Archive | July, 2015

Patriotic Heritage

30 Jul

I recently had the opportunity to tour various museums and sites in Washington D.C. and the Baltimore area for vacation. In four days, I was able to see many sites and artifacts that define us as a nation. From the Charters of Freedom (The Declaration of Independence, the Constitution, and the Bill of Rights) at the National Archives to the Star Spangled Banner at the Smithsonian’s Museum of American History, these artifacts stir the soul and make one proud to be an American. Add on to that the Washington Monument, Lincoln Memorial, and the World War II Memorial, and one can’t help feeling pride in our nation.

Fort McHenry

I almost wish it was mandatory for all citizens to visit the area. I feel that civic pride in our nation is at an all-time low. Little to no educational background in our nation’s history is one main contributing factor in this lack of civic pride. Seeing so many iconic places and artifacts would help overcome this foundational flaw. How can anyone stare at the flag “whose broad stripes and bright stars” withstood the fight or at the magnificent statue of Lincoln and not feel good about our nation and also have a desire to know more. That is why trips to historic sites and museums are so invaluable to our educational system. Besides getting first-hand knowledge, these trips serve a second purpose in providing pride in our nation, something that we are sorely lacking. Our national media and too many current historians emphasize too much on the wrongs of the past and the diversity of our citizens. We need to focus on the things that bring us together as a people and certain artifacts and places provide a common heritage that can serve to unite us all.

Fort McHenry entrance

So a final shout out to the grandness of visiting the DC area, a trip that spurs interest in our national identity. Who can’t take pride in the Wright Brothers plane at the Air and Space Museum, the powerful portrait of George Washington at the National Portrait Gallery, and Fort McHenry in nearby Baltimore, where this nation stood tall in the face of a formidable enemy. And who can’t take comfort in tales of triumph over a powerful foe in today’s world of uncertainty?

CPW

Review of Lost Capitals of Alabama, by Herbert James Lewis

29 Jul

Lost Capitals

Jim Lewis’ slim book chronicling the story of Alabama’s several seats of government, Lost Capitals of Alabama, is a welcome addition to the literature on the state’s early history. It explores one of the lesser known chapters in the development of the state, detailing the five capitals it had in the span of its first two and a half decades of statehood. It’s an interesting read, but not simply because it chronicles the stories behind how and why the center of the early state’s political world came to be located in turns at St. Stephens, Huntsville, Cahaba, Tuscaloosa, and Montgomery. Lewis sheds light on what life was like in the communities which hosted the capitals, as well as what life was like in the larger state at important milestones in its early years, such as the famed visit of Lafayette, the founding of University of Alabama, and the Second Creek War. Along the way, he also introduces readers to leaders and key personalities of the era, many of whom unfortunately, and undeservedly, are largely forgotten today. Lost Capitals is destined to serve as a reference source on its topic for years to come.

JMB

A Few Words of Wisdom from the Past

23 Jul

I recently ran across a great quote from a historian writing all the way back in the 1850s that has unusual relevance to today. In his History of Alabama, pioneering historian Albert James Pickett observed that:

“as a historian, we are expected to write the truth, even if that truth is unpalatable to the prejudices of the age.”

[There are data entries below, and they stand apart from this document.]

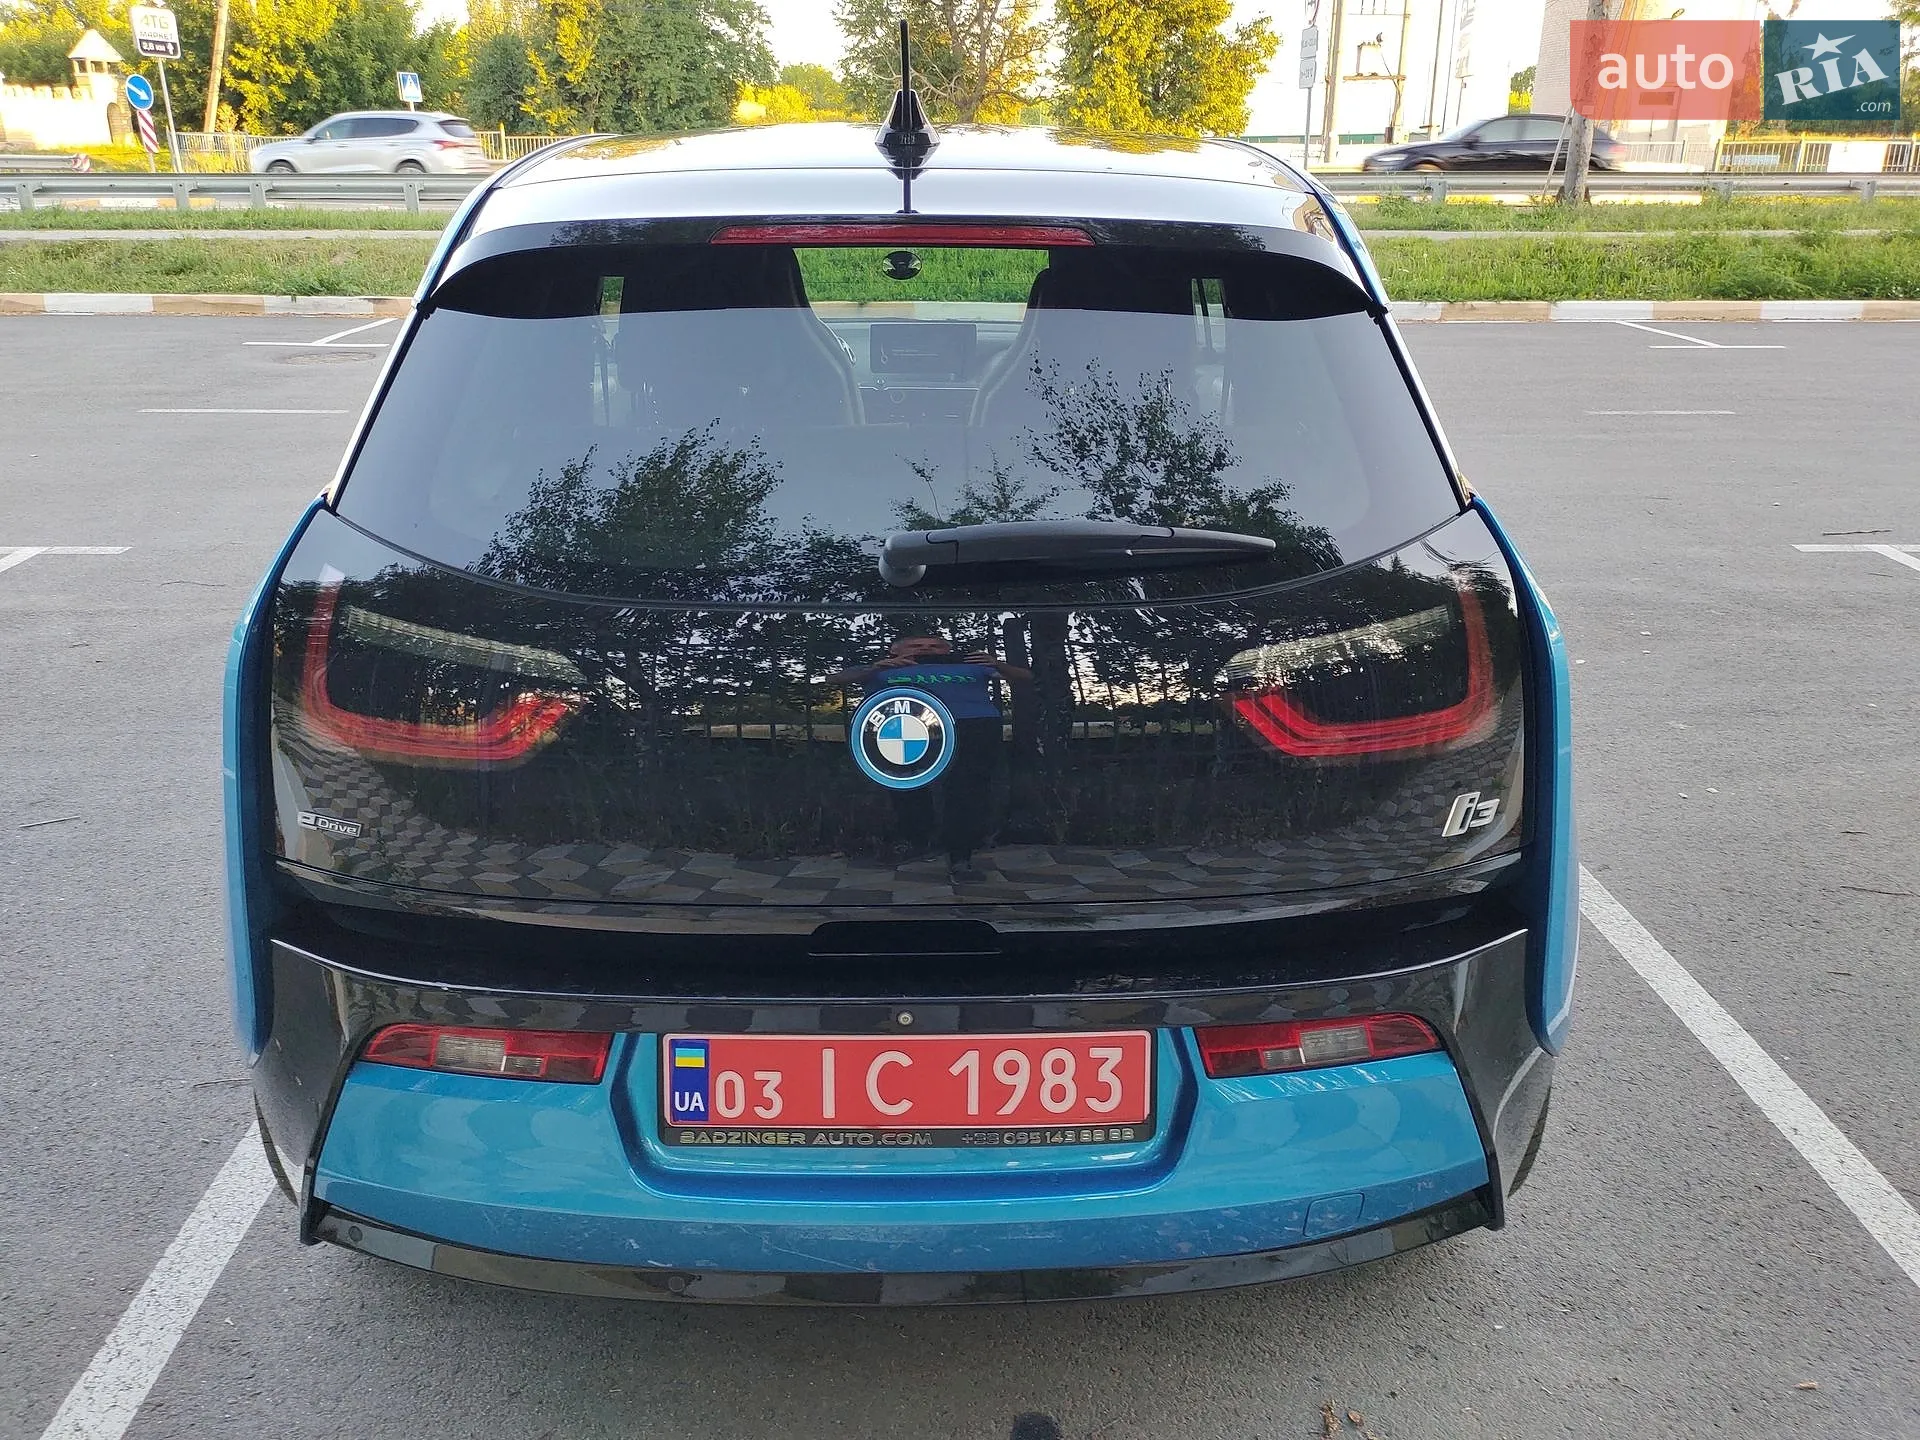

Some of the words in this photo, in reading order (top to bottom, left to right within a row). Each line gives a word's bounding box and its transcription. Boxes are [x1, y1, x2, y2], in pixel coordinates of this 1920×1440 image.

[869, 700, 938, 729] BMW
[1442, 792, 1500, 837] i3
[715, 1069, 784, 1120] 03
[948, 1047, 1124, 1116] 1983
[674, 1091, 705, 1112] UA
[679, 1131, 806, 1145] BADZINGER
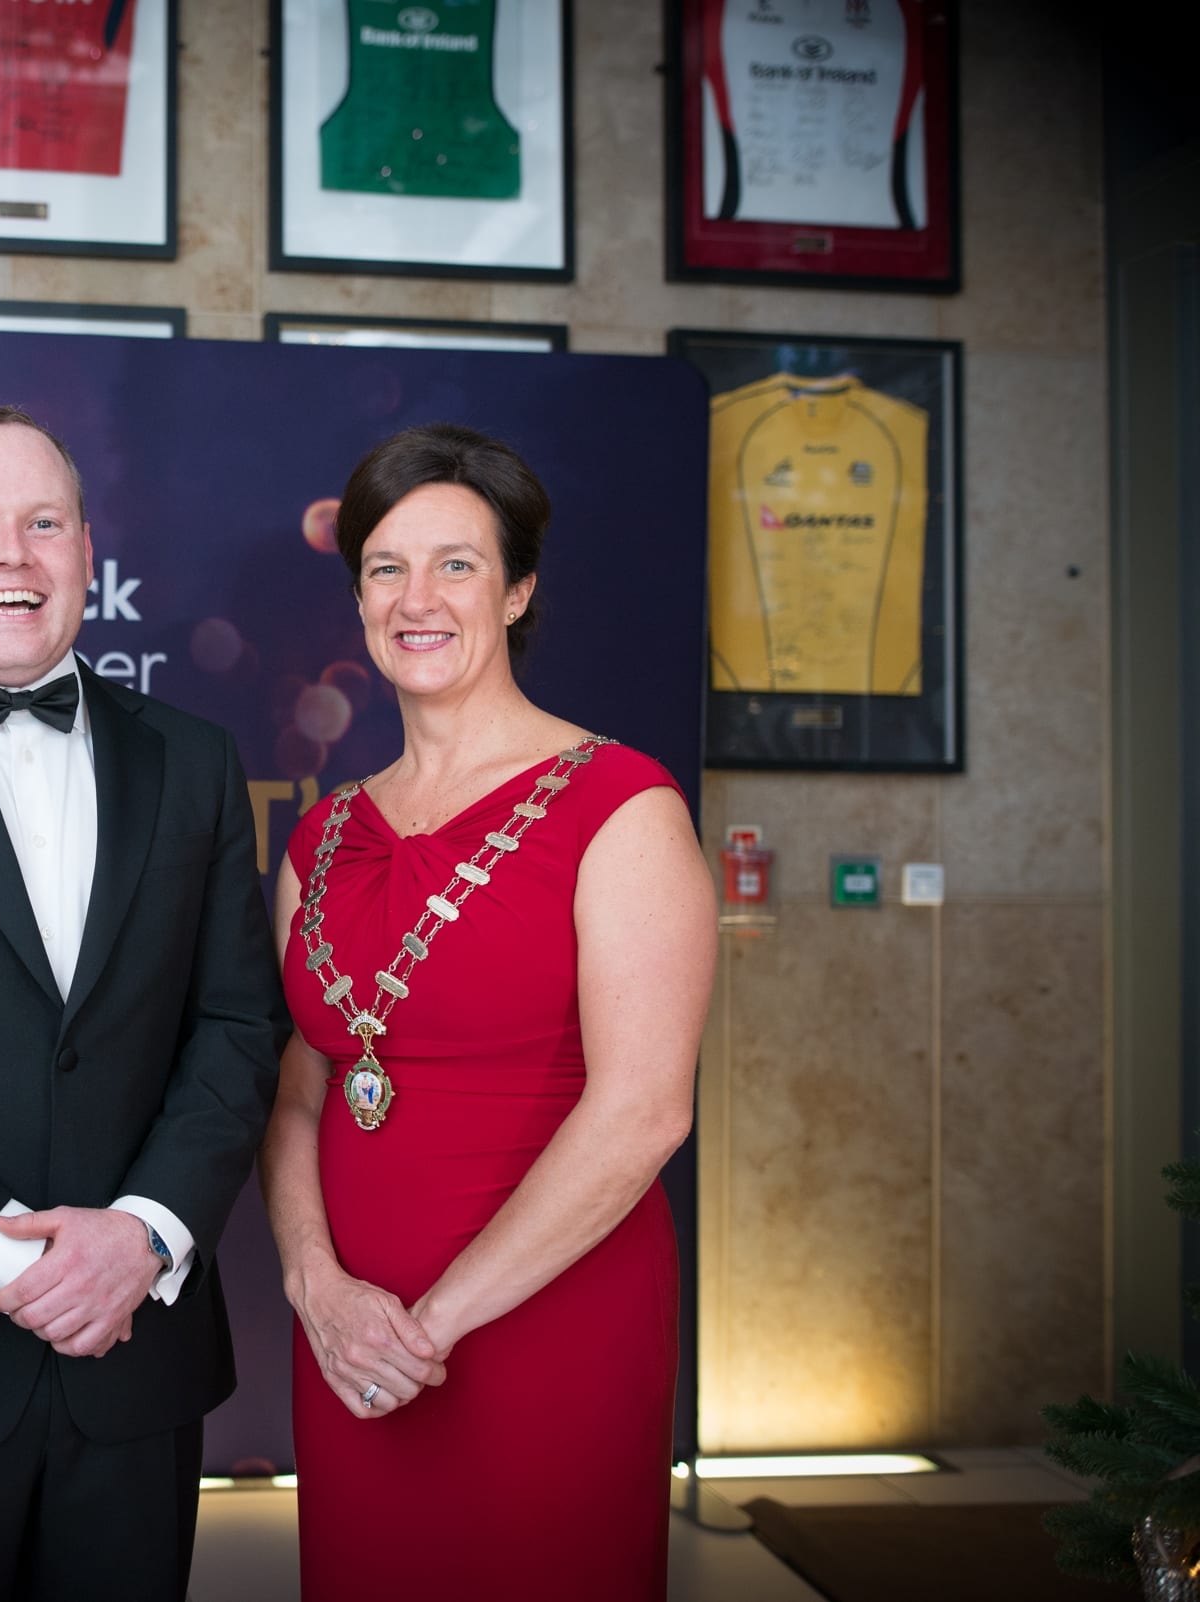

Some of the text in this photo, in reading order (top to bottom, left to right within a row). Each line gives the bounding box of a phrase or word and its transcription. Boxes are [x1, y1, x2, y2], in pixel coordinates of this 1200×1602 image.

[360, 25, 401, 48] Bank
[424, 33, 479, 52] Ireland
[749, 61, 878, 85] Bank of Ireland

Pickett was writing about Aaron Burr and his capture in Alabama in the passage, and despite Burr’s still-fresh association with treasonous activities at the time of its writing, attempted to objectively summarize his career.

Pickett

It’s an admonition historians today would do well to heed. I expect the general public to view history at times as little more than an assemblage of heroes and villains depending on how well we think they would fit in with today’s society. I’m alarmed that I see many professional historians who should know better doing the exact same thing. Our job as historians is to discover as much about the past as we can and relate it in a clear and unbiased manner. If it ever becomes a witch hunt aimed at demonizing forebears who did not think like us today, our profession will lose all credibility. In some ways, it is already dangerously heading in that direction.

JMB

Review of Cotton City: Urban Development in Antebellum Mobile, by Harriet E. Amos

20 Jul

Outside of New Orleans, few Deep South cities can boast the depth and richness of the antebellum history of Mobile, Alabama. One of the largest cities in the South by the time of the Civil War, in 1861 the city had already been an important Gulf Coast trading center for over a century and a half. While the span of its history is impressive, the speed with which it rose from a backwater colonial outpost to become one of the nation’s most important commercial centers is equally remarkable. For most of its early history, Mobile remained a humble but strategically important village successively occupied by the French, British, and Spanish before it came under American control. Between 1820 and 1860, its population dramatically increased from a mere 1,500 to nearly 30,000, making it one of the largest cities in the South. Even more importantly, during that same era it transitioned from a regional trading hub into the third largest port in the nation (behind New Orleans and New York) in terms of the total value of exports.

Amos

Harriet Amos’ landmark study of antebellum Mobile, originally published in the 1980s, chronicles that rise. The book is essential reading for any student of the city’s history, and one of the most valuable resources on its past available. It details a wide range of aspects of the city’s development, delving into broad trends in city finance and neighborhood development as well as the minutia of the evolution of city services and establishment of police and fire protection. Above all, it details the story of the city’s economic activity, focusing on who the major players were and in what capacities they operated. In that effort some rather unique features of antebellum Mobile emerge: 1) the city was exceptionally diverse compared to most of the rest of the South, having significant northern and European-born segments of its population involved in city leadership in addition to the presence of a substantial number of free blacks, and 2) antebellum Mobile was exceptionally dependent on trade with the north for its economic lifeblood—specifically New York. This unusually close dependency on one city as an outlet for the city’s exports helped shape the Mobile’s economic growth in profound ways, making what many might think of as a quintessential Southern city actually something more exceptional than might be expected.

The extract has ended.